Per noi il COA Roma avrebbe dovuto portare sul tavolo dell’incontro tutte le enormi criticità degli uffici chiedendo, con forza e determinazione, delle risposte chiare e degli interventi immediati.

Ma così non è stato. Sembra che tutti siano consapevoli della difficile situazione in cui si trovano ad operare quotidianamente gli avvocati, ma nulla viene fatto, da chi potrebbe, per risolvere le problematiche. E noi seguitiamo solo ad ” evidenziare” le perduranti criticità.

Comunque, senza polemica, con il solo fine di far conoscere quello che avviene nei luoghi istituzionali, Vi riportiamo  la comunicazione evidenziata nell’adunanza consiliare del 1 ottobre 2020 ed approvata definitivamente lo scorso giovedì.

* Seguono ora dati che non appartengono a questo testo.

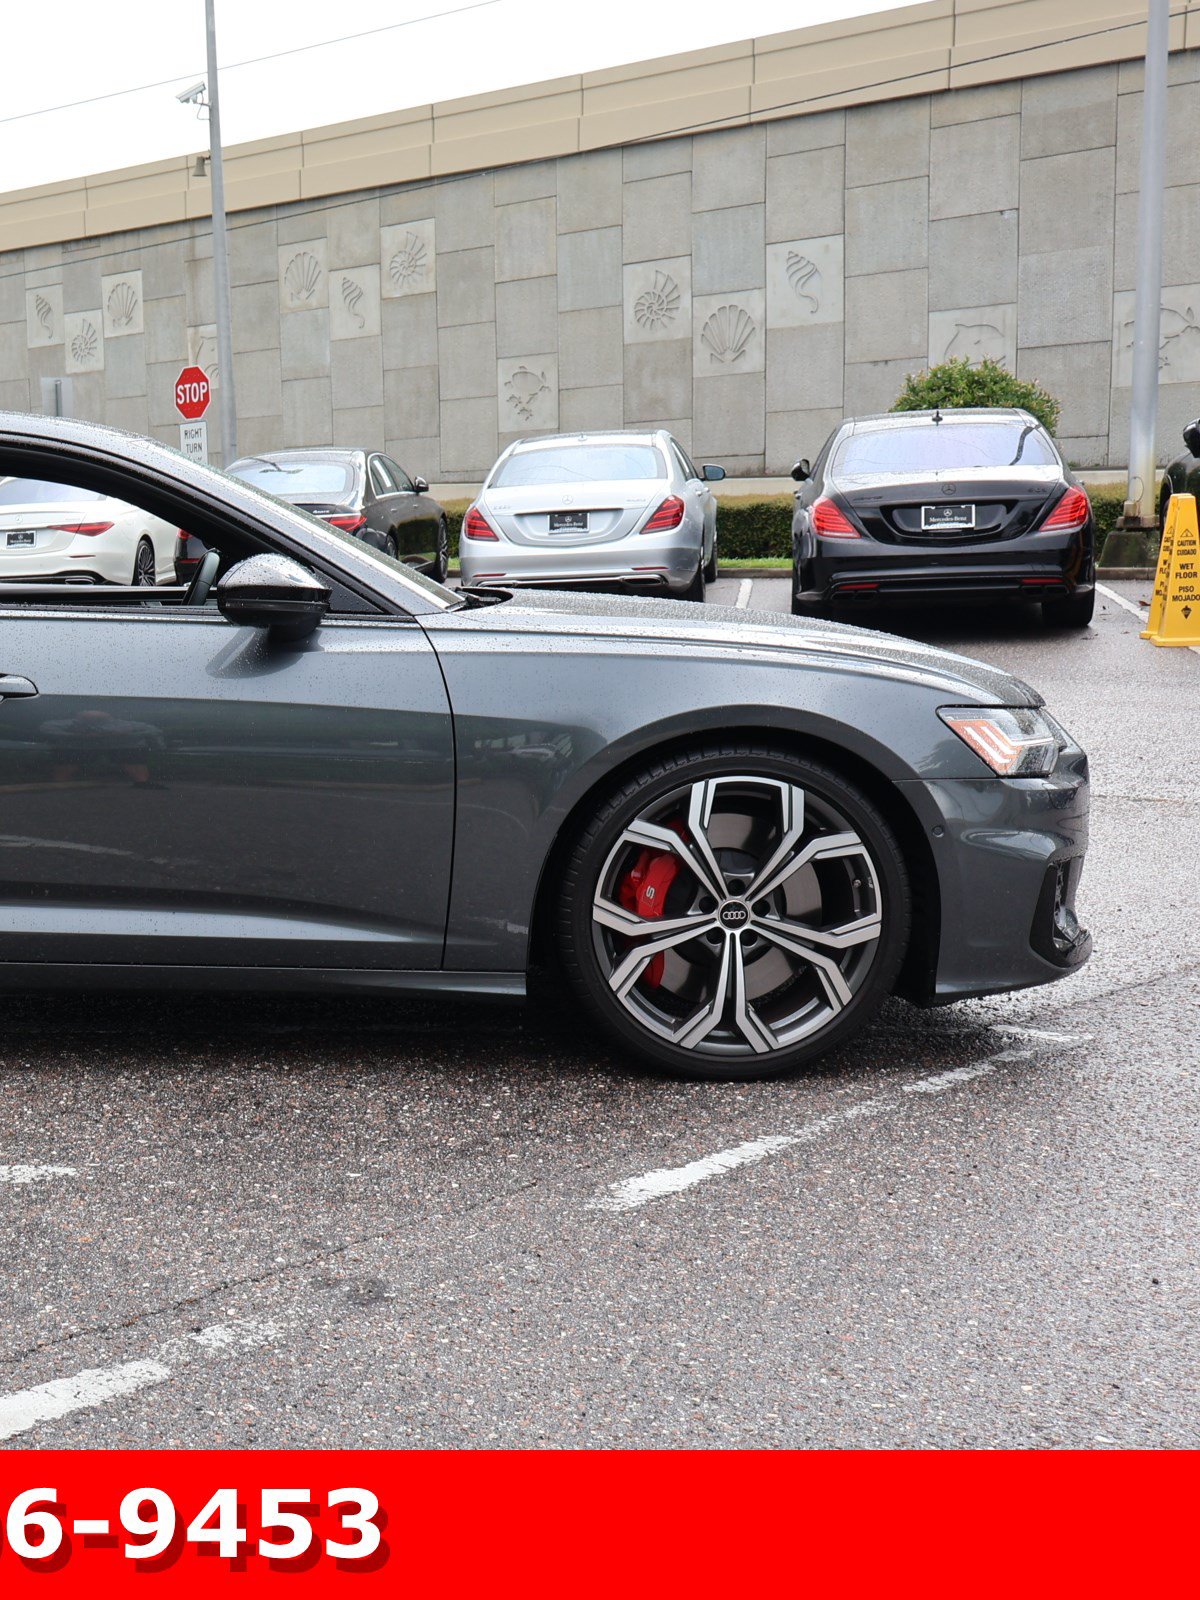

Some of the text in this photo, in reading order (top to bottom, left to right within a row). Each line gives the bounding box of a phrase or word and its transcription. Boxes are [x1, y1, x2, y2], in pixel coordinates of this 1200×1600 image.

[177, 382, 207, 404] STOP
[184, 428, 202, 439] RIGHT
[186, 443, 202, 453] TURN
[1172, 594, 1200, 602] MOJADO

Sicuri di svolgere con serietà ed impegno l’incarico da voi affidatoci, rimaniamo a vostra disposizione , anche per eventuali riscontri,   al numero 3286928765,
Con l’impegno di sempre.
I CONSIGLIERI COA ROMA
Avv. Roberto NICODEMI e Avv. Giorgia CELLETTI
ADUNANZA CONSILIARE DEL 1 OTTOBRE 2020
Il Presidente Galletti, il Vice Presidente Mazzoni, il Consigliere Segretario Scialla ed il Consigliere Tesoriere  Graziani informano il Consiglio circa il proficuo incontro tenutosi il pomeriggio del 17 settembre scorso, presso la Corte di Appello di Roma, alla presenza del Presidente della Corte di Appello, il Procuratore Generale presso la Corte di Appello, il  Presidente del Tribunale di Roma f.f., il Procuratore della  Repubblica presso il Tribunale di Roma ed il Capo Dipartimento dell’organizzazione giudiziaria, del personale e dei servizi,  Dott.ssa Barbara Fabbrini.

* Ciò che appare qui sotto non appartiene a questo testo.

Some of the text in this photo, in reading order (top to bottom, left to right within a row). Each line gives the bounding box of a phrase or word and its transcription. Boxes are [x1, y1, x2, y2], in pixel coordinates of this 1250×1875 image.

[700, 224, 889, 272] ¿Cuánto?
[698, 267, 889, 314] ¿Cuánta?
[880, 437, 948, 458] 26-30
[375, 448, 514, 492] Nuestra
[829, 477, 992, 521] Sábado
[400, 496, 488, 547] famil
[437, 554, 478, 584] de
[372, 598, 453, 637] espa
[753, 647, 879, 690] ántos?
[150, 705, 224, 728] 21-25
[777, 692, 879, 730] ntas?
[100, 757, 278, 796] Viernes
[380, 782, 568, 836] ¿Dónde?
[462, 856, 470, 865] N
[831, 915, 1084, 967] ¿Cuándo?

Facendo seguito all’incontro antecedentemente tenutosi, nel quale il Presidente Galletti aveva evidenziato le numerose  criticità emerse negli ultimi mesi nell’ambito del sistema giustizia, la Dott. Fabbrini ha fornito una serie di notizie  confortanti,
quali il ritorno del personale sul luogo di lavoro nella misura del 77% e la messa a disposizione dei registri per coloro che lavoreranno ancora in smartworking, anche per gli  uffici del Giudice di Pace.
E’ in stato avanzato la digitalizzazione nel penale (in primis quella relativa al 415 bis c.p.p., nonchè più in generale dinanzi  al Giudice di Pace che si trova in una situazione di maggiore difficoltà, con la possibilità, dianzi a questo ultimo ufficio, di consentire il deposito atti telematico che dovrebbe rendersi  praticabile entro la fine del prossimo anno.
Sarà adottato anche un software taglia – code nelle varie sedi giudiziarie e la Caserma Manara verrà finalmente acquisita a breve per consentire una migliore allocazione dei locali dell’autorità  giudiziaria civile, per i cui lavori di adattamento sono già stati  messi a bilancio i fondi.
Il Presidente di Corte di Appello, Dott. Meliadò, ha anticipato che verrà realizzato un moderno ed efficiente Ufficio Relazioni  con il pubblico che dovrebbe alleggerire di molto la pressione  sulle varie cancellerie.
Tutti i partecipanti hanno espresso la necessità di un raccordo  sistematico e costante anche in futuro per il miglior utilizzo  possibile delle risorse che proverranno dal Recovery Found.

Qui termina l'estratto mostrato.